Yes, I think this is different but also valid for American and other
countries. The term "ownership" is used a lot but it doesn't exist
because it's used. I think that "belonging" in the way I sense you use it
is better in the rest of the world. I equate "belonging" with community
which I think is a much more valid and powerful distinction for what is
wanted in corporations.

<snip some interesting biological material>

> 2.- The shared mission and vission in a living organism is to get it to
> survive <snip some more interesting biological material>

This, I think, is also true and sufficient about organisations. And, as
you point out about cancer cells, the case of individuals forgetting that
they are part of a larger whole is a death sentence to the individuals and
the whole.

> 3.- The equivalent of TRUST in a bilogical system would be something
> like a reflex action. Your heart may "not trust" your liver, but they
> both jump at a command from the nervous and endocrine systems when
> danger is perceived

As you say, it is important that people "trust" directive systems. I take
this to mean that it is important, when the agents of the system have
independent choice and intelligence that they empower the systems that
exist. (A fairly recent HBR article quotes the CEO's of Xerox and
SmithKline Beecham as saying "process gives more freedom".)

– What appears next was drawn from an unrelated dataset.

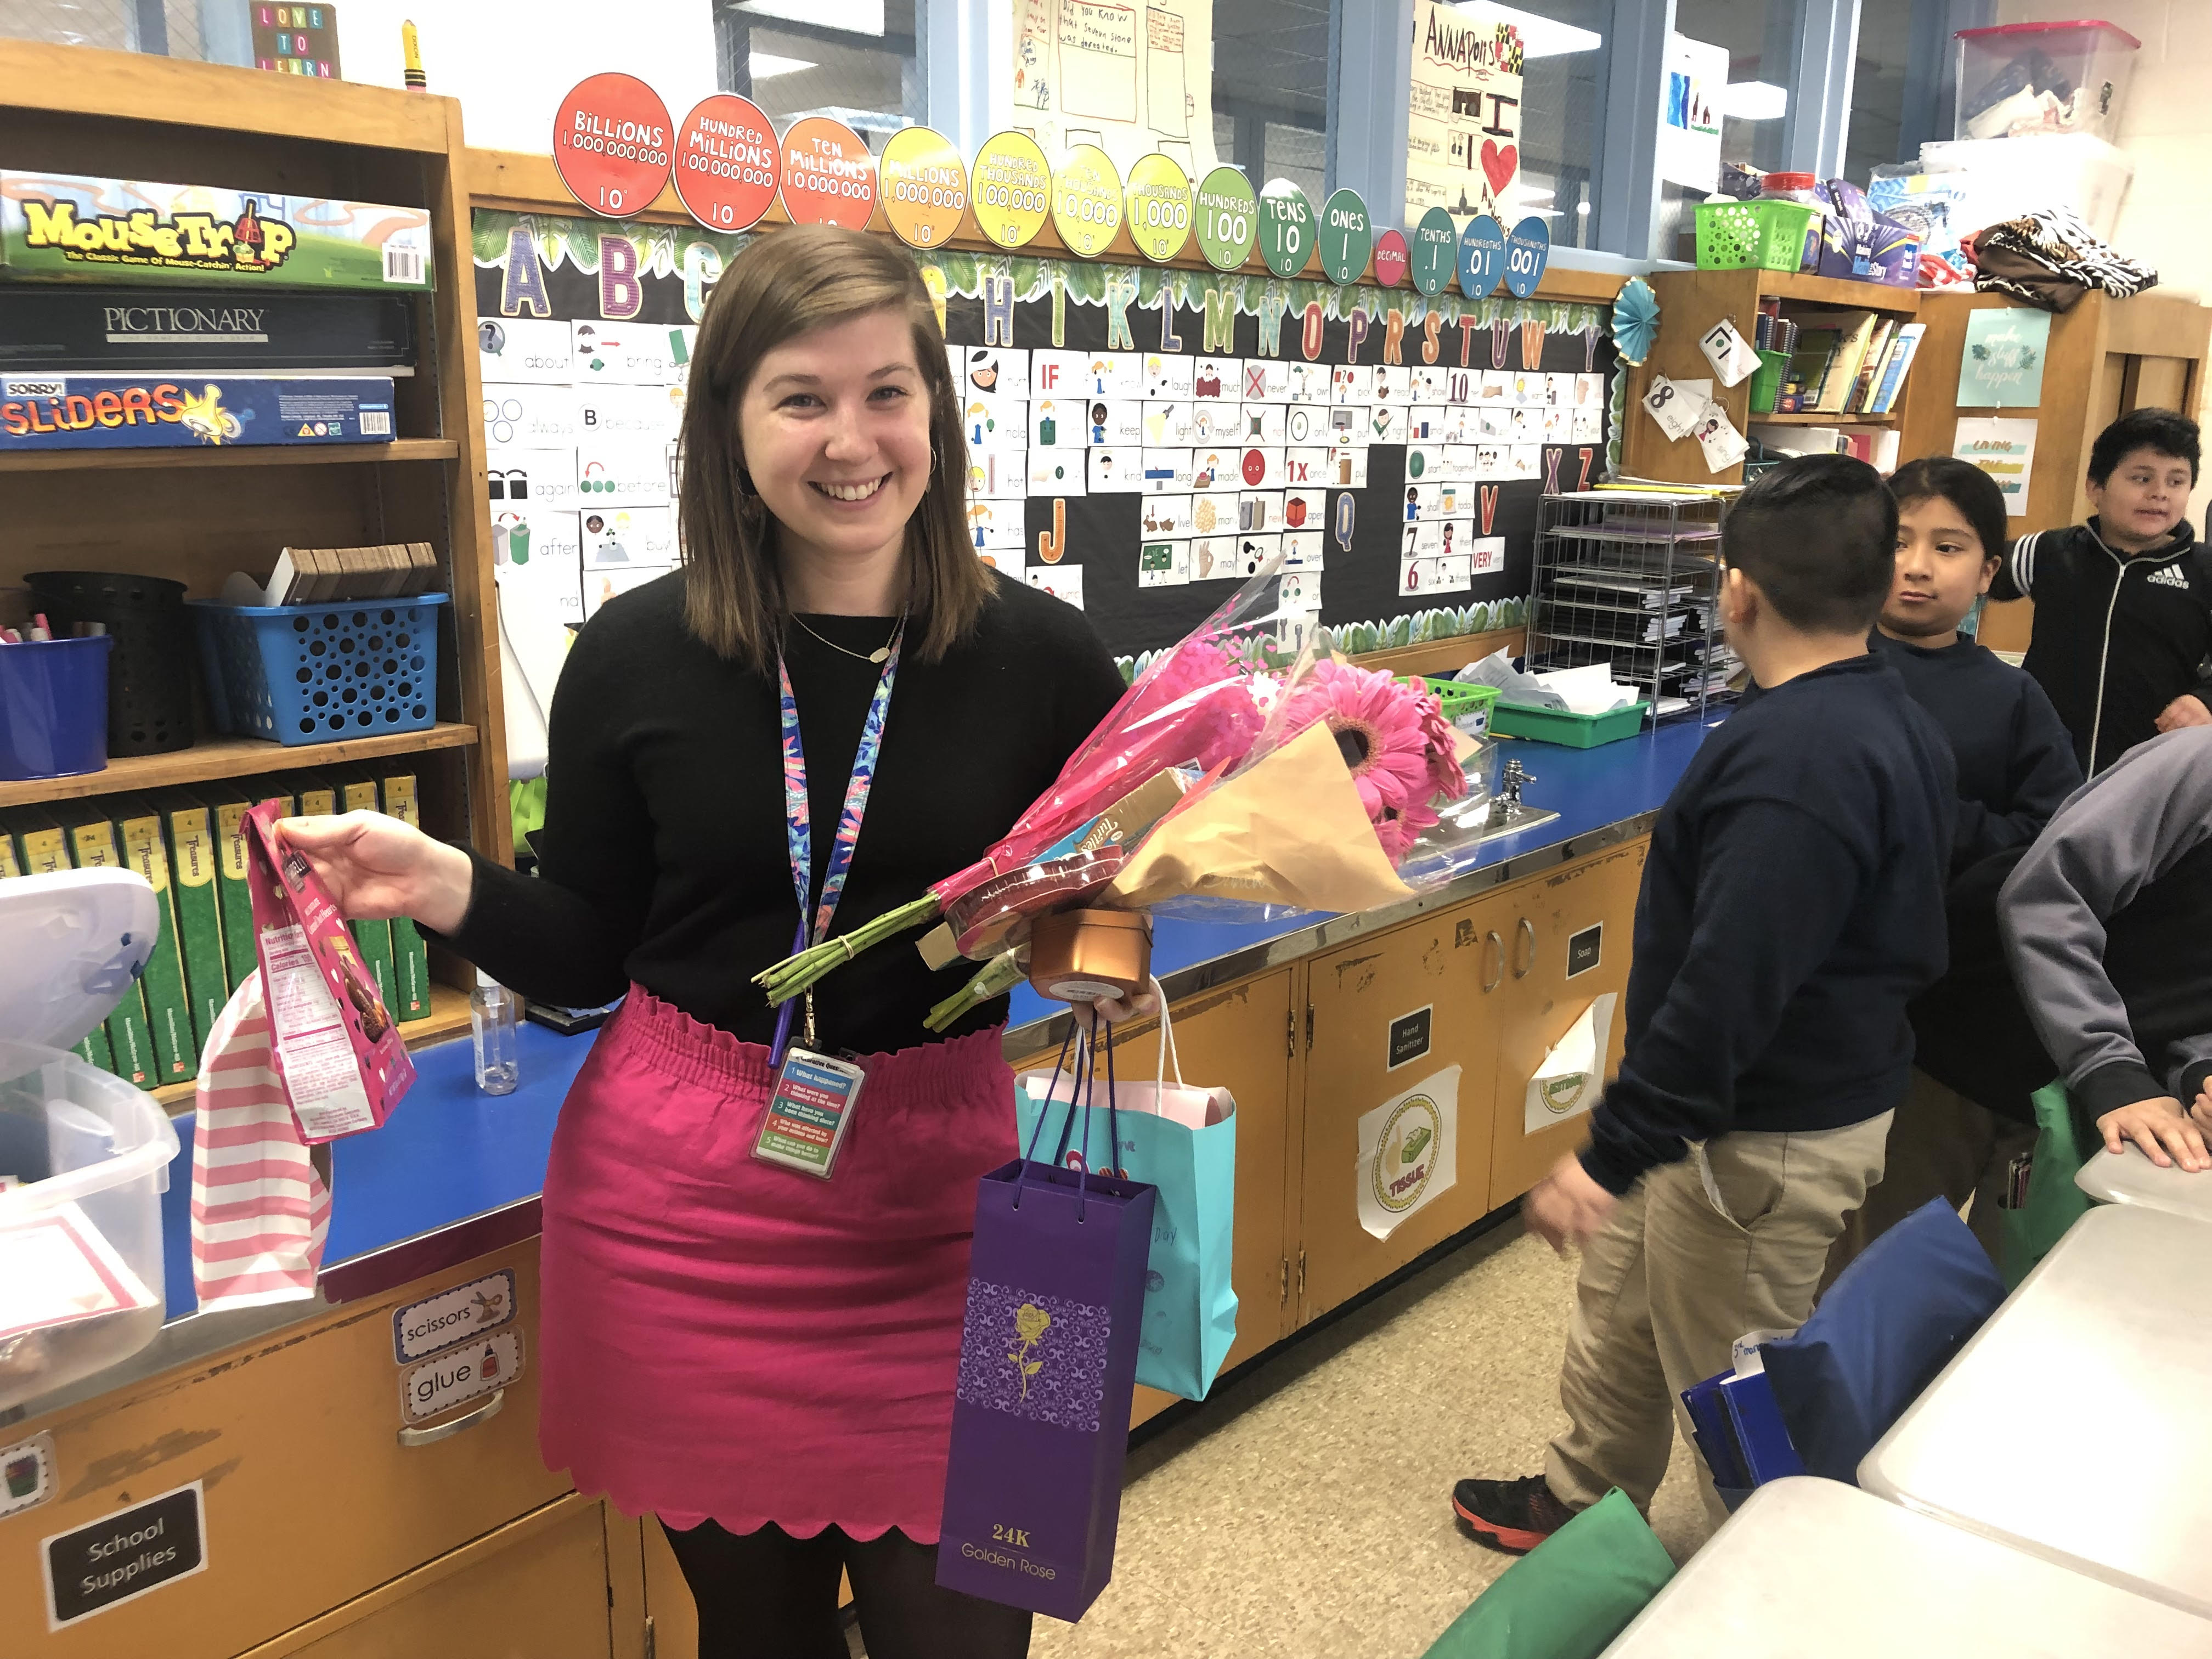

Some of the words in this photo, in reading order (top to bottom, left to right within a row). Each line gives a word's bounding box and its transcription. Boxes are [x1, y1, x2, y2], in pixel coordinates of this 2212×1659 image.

This is not the "trust" that most people are talking about when they say
we need trust. I suggest that the source of trust is communication and
that ability of dialogue and access to information (include "in process"
information) are at the heart of the matter.

<snipped some more>
> 4.- The point about being hard-wired is becoming a reality as technology
> advances. Even with the current level of information processing we can,
> in no time at all, be aware of the "whole" and if the terminology of the
> language is shared by all participating elemnts, in a way we could say
> that we are getting closer to being hard-wired to all subsistems of the
> organisation.

This is very important in my view - that we are more and more connected.
(I don't consider this the same as "hardwired" because I use that term to
mean that we also *must* receive information and act on it in prescribed
ways.) The places to focus for this increasing connection are, as you
imply; a common language (following Alexander I'd call it a design
language as well as more common useage of words); a design that
incorporates meaning into the whole so that a sense of what is happening,
of the state of the system is conveyed when only partial messages are
sent; a communication structure (like a nervous system) is created where
adequate connections make information accessible and only "force" the send
when urgent.

Thank you for your participation and being willing to make the extra
effort that a foreign langauge requires.